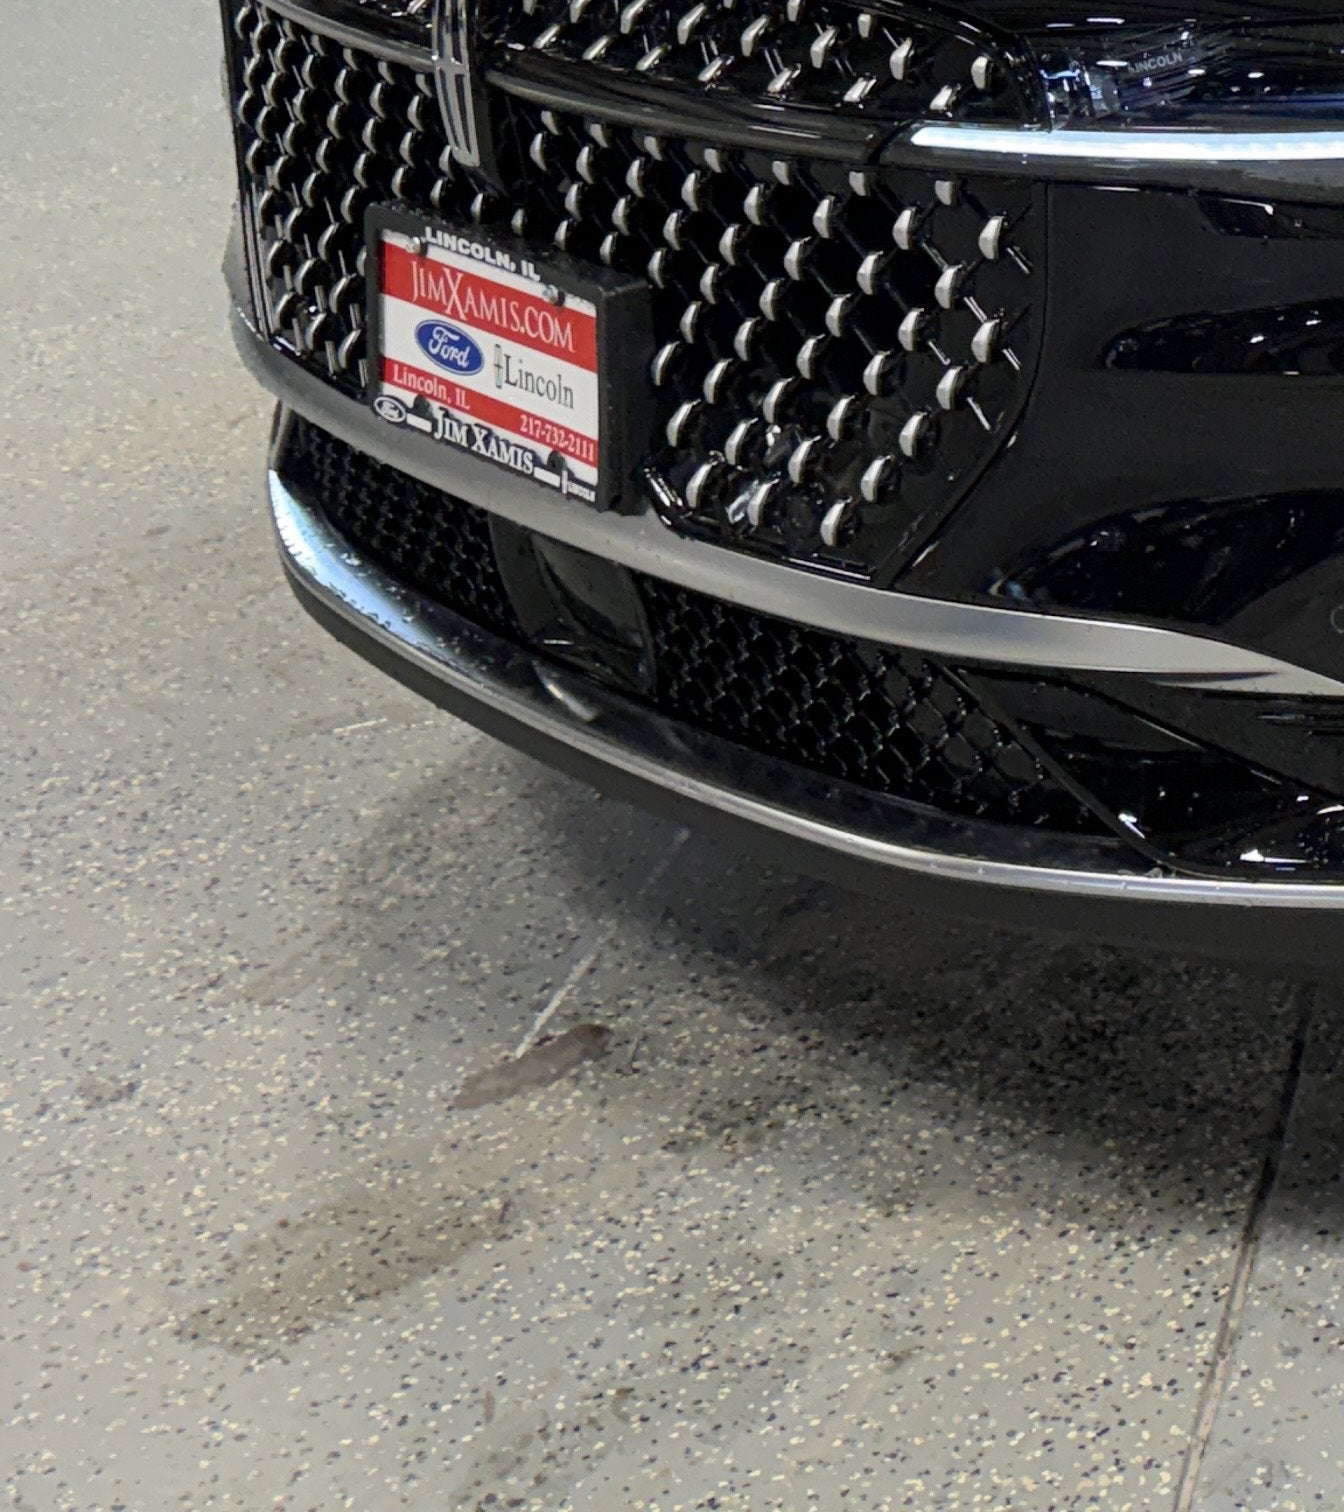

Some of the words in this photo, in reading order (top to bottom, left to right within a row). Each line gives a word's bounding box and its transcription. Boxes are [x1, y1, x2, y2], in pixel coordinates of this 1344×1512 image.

[424, 225, 517, 273] LINCOLN,
[521, 259, 541, 282] IL
[428, 325, 470, 369] Ford
[393, 363, 452, 405] Lincoln,
[455, 388, 471, 411] IL
[503, 353, 576, 410] Lincoln
[433, 406, 469, 448] JIM
[471, 424, 534, 475] XAMIS
[520, 413, 595, 462] 217-732-2111
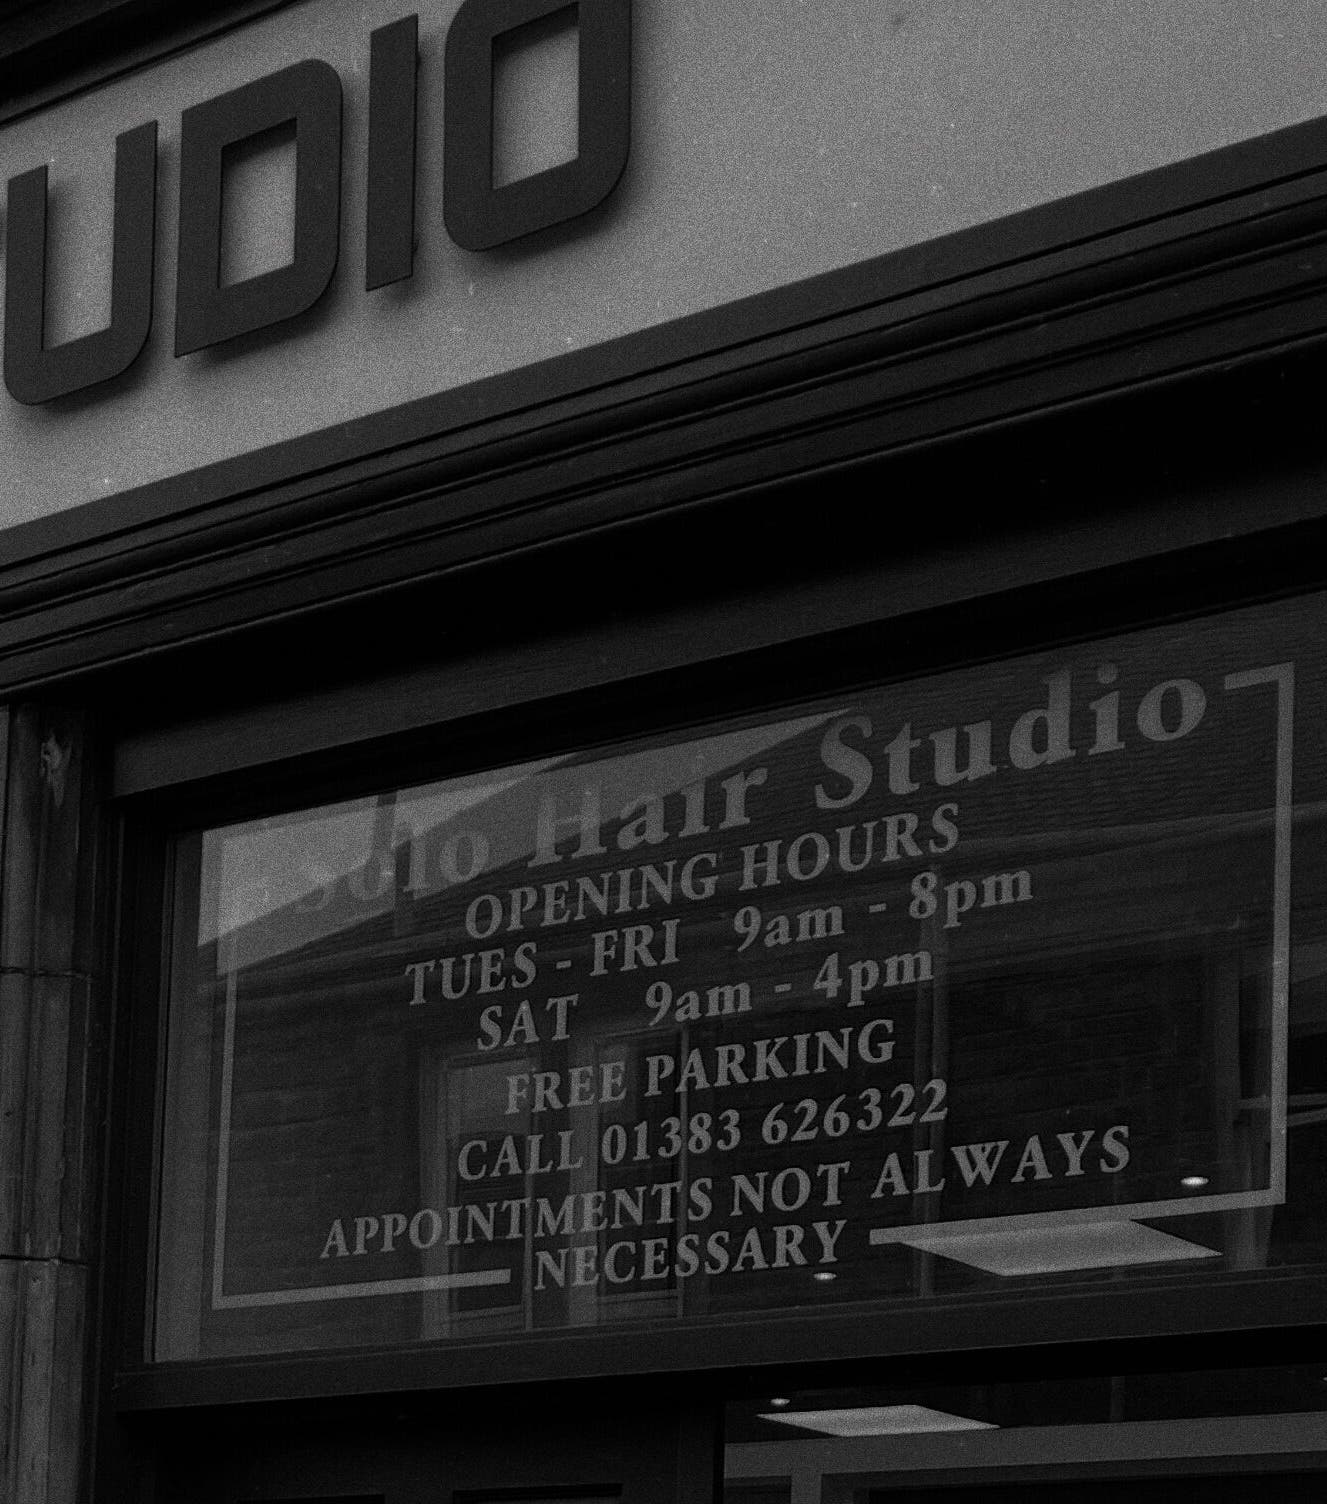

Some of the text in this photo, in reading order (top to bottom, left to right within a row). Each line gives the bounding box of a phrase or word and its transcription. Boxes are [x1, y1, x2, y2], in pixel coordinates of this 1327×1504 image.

** Your goal **
Retype each line above precisely, please. Skip anything that is a picture.

** Response to the exercise **
Some of the words in this photo, in reading order (top to bottom, left to right within a row). Each line gives a word's bounding box and its transcription. Boxes are [x1, y1, x2, y2], in pixel coordinates of this 1344×1512 image.

[424, 225, 517, 273] LINCOLN,
[521, 259, 541, 282] IL
[428, 325, 470, 369] Ford
[393, 363, 452, 405] Lincoln,
[455, 388, 471, 411] IL
[503, 353, 576, 410] Lincoln
[433, 406, 469, 448] JIM
[471, 424, 534, 475] XAMIS
[520, 413, 595, 462] 217-732-2111

Some of the text in this photo, in reading order (top to bottom, left to right within a row). Each line gives the bounding box of a phrase or word and its transcription. Boxes are [x1, y1, x2, y2], in pixel coordinates of this 1327×1504 image.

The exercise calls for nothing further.